Work to complete: An exact copy of the records is needed; please leave the images out.

══ Extracted records

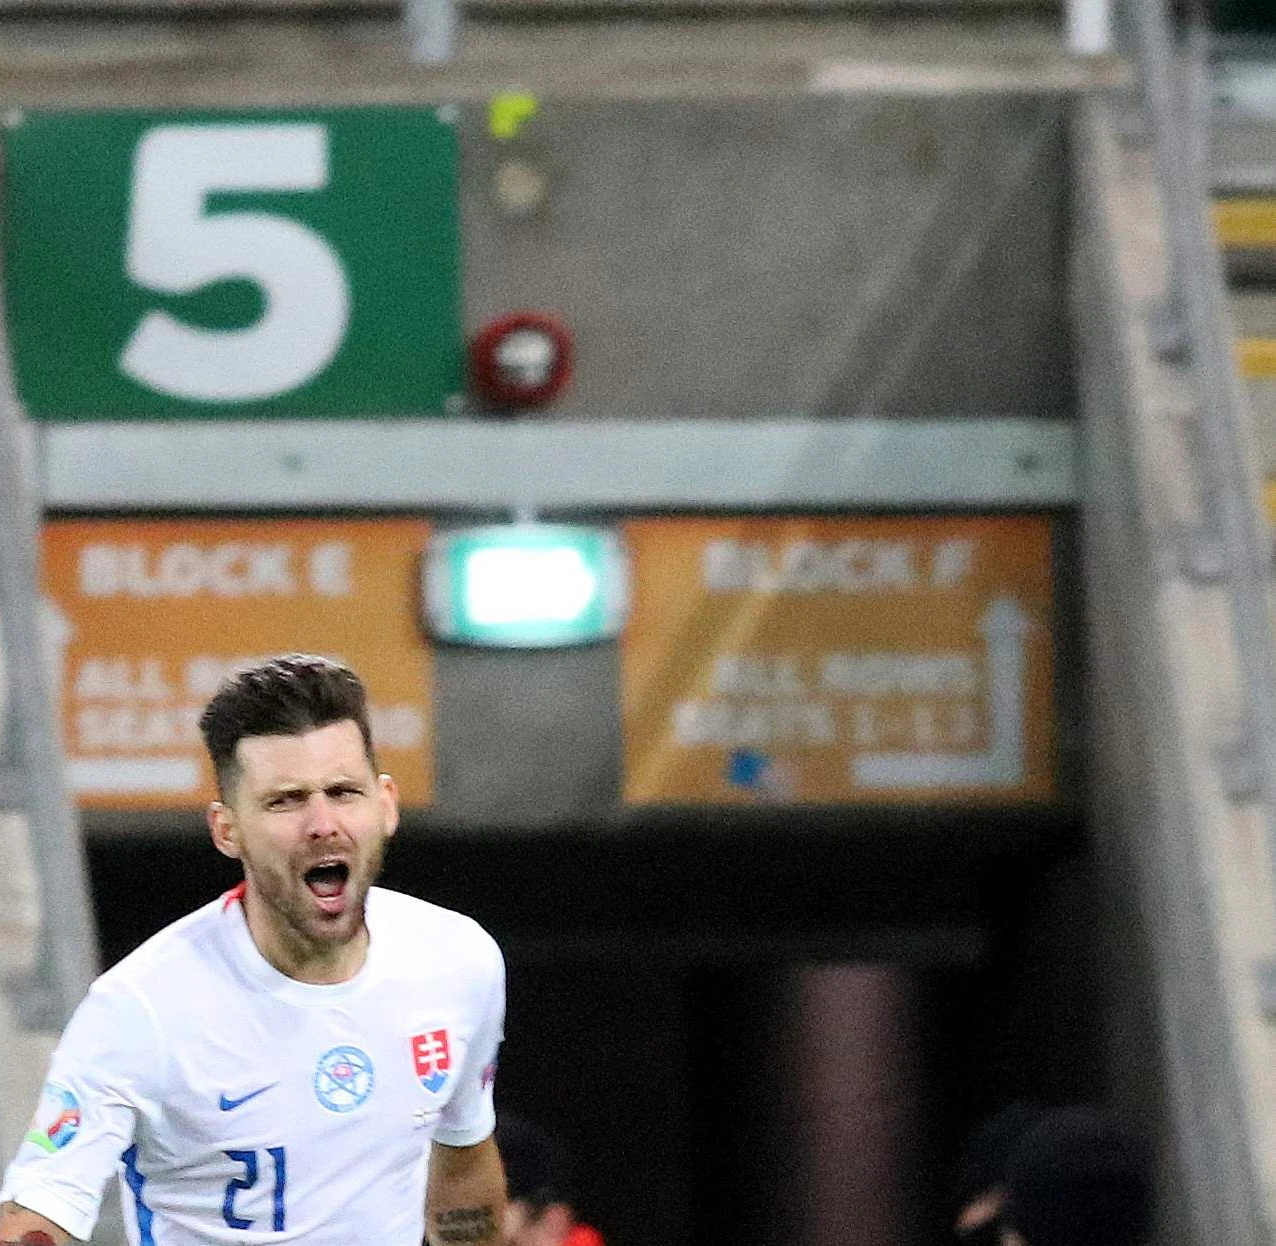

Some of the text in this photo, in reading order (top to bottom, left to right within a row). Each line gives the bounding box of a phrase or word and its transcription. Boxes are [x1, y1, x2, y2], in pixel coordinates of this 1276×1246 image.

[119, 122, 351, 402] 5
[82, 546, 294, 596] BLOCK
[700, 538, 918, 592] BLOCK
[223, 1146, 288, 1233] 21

════

Task output:
Some of the text in this photo, in reading order (top to bottom, left to right within a row). Each line gives the bounding box of a phrase or word and its transcription. Boxes are [x1, y1, x2, y2], in pixel coordinates of this 1276×1246 image.

[119, 122, 351, 402] 5
[82, 546, 294, 596] BLOCK
[700, 538, 918, 592] BLOCK
[223, 1146, 288, 1233] 21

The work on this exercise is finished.